Si la faute contractuelle ordinaire n’existait plus, cette affaire ne serait pas différente, mais beaucoup plus claire. La voyageuse aurait pu attaquer la Régie du Métropolitain pour inexécution du contrat de transport et de l’obligation de sécurité implicite. Etant donné que cette obligation est une obligation de résultat en droit français (encore un aspect contestable), le transporteur serait condamné à réparer les dommages, puisque la Cour de Cassation rejette souvent la possibilité d’une exonération par la force majeure en matière de transports (c’est la cas en l’espèce). Point besoin du détour par la faute qui ne fait que jeter le trouble et porter des jugements moraux mal venus, nous obtenons la même solution plus simplement.
Si la faute retrouvait son caractère véritablement moral, elle serait peut-être plus attrayante. Mais à partir du moment où elle se confond quasi-complètement avec l’inexécution, elle n’est plus qu’un instrument d’injustice inutile.
Le Code Civil ne mentionne pas, quant à lui, la faute contractuelle ordinaire. Les textes en matière d’inexécution dans les contrats synallagmatiques ne mentionnent pas la faute et n’en donnent pas de définition.
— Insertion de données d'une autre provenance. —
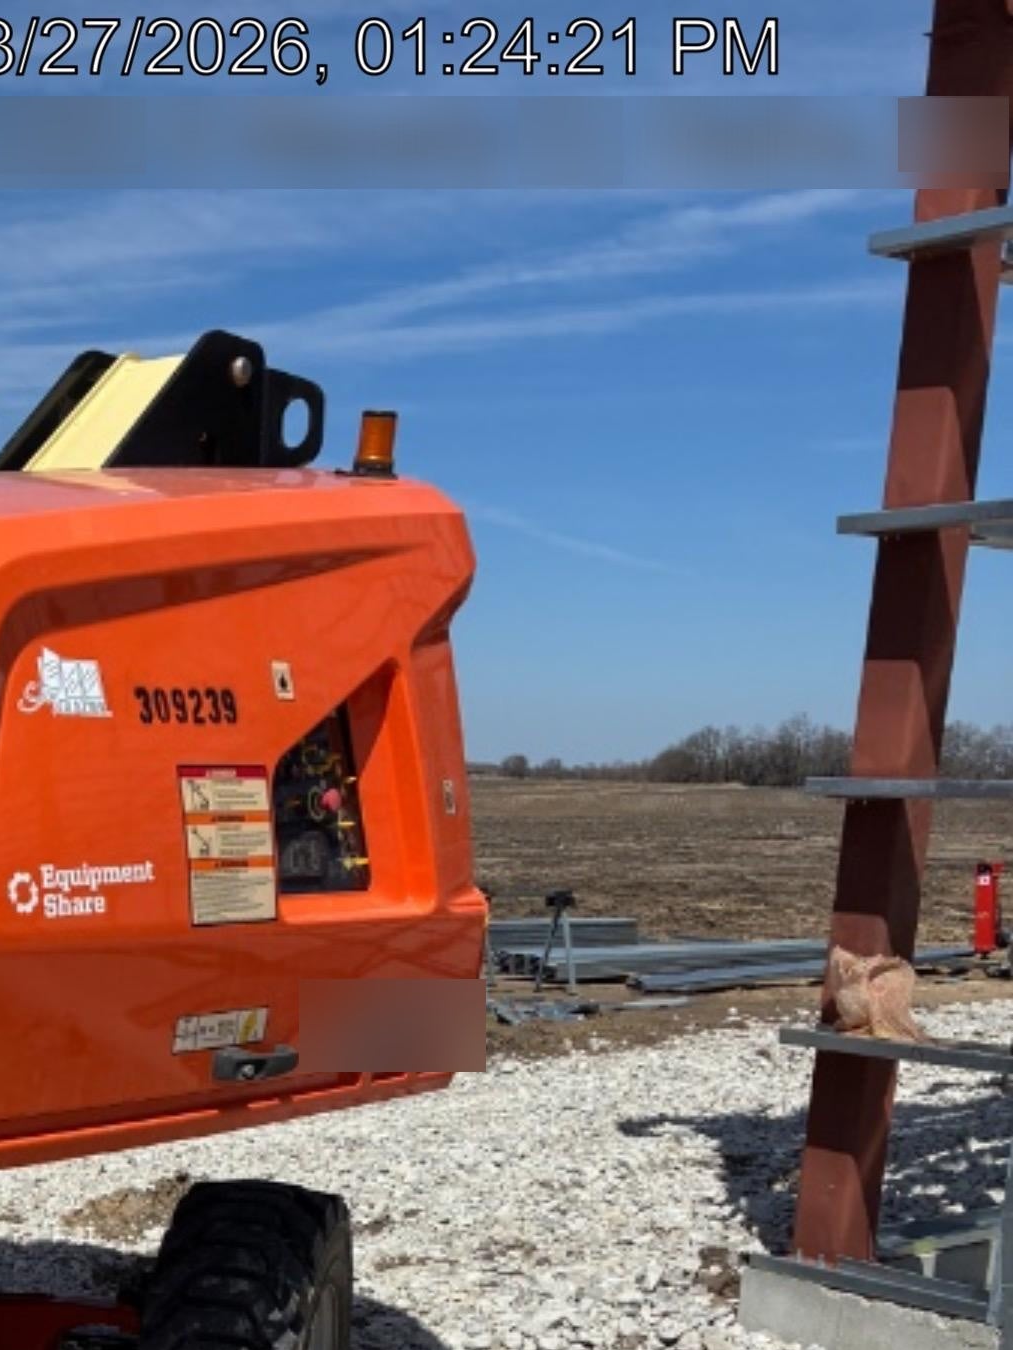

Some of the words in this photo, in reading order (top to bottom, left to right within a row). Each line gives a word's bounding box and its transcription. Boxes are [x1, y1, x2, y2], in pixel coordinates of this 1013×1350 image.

[135, 686, 237, 725] 309239
[40, 859, 156, 892] Equipment
[43, 892, 106, 918] Share
L’article 1147 du Code se rapproche beaucoup de l’énoncé que nous avons fait de la Common Law. Il ne parle en aucun cas de faute, mais bien au contraire d’ « inexécution » imputable au débiteur, ce qui l’expose au paiement de dommages- intérêts. Il est vrai que l’article 1147 in fine est moins clair : quelle est cette « cause étrangère » qui a un effet exonératoire ? Dans notre optique, nous pouvons estimer qu’il s’agit de l’inexécution fortuite, c’est-à-dire de l’inexécution qui ne résulte pas du fait du débiteur. On pourrait envisager que la fin de cet article ne fait donc qu’amener l’article suivant, sur la force majeure. Prenons l’article 1184 du Code : lui non plus ne parle pas de faute. Il ouvre le choix en matière de contrats synallagmatiques, à la manière de la Common Law, mais renverse la hiérarchie que nous avons remarqué dans la Common Law. En droit français, et c’est un caractère positivement marquant, l’exécution forcée est présentée en premier lieu, avant les dommages- intérêts. Mais toujours pas de mention d’une faute contractuelle ordinaire. En fait, de l’article 1146 jusqu’à l’article 1155 du Code, dans le chapitre sur les dommages- intérêts en cas d’inexécution, nulle part peut-on trouver le terme ou même l’idée de faute. L’article 1137 sur l’obligation de conserver la chose en bon père de famille est un texte spécial, et de même que pour le droit anglais ou américain qui connaissent parfois le critère de l’ordinary man, le critère français n’est qu’une obligation supplémentaire ajoutée à l’obligation de délivrer la chose. On peut y appliquer aussi le même raisonnement qu’aux autres obligations : lorsque la chose arrive détériorée dans les mains du créancier de l’obligation de conservation, il y a inexécution manifeste, sauf à prouver que le débiteur s’est comporté en bon père de famille. Enfin, l’article 1142 du Code est univoque : pour les obligations de faire et de ne pas faire, l’inexécution du débiteur se résout en dommages-intérêts.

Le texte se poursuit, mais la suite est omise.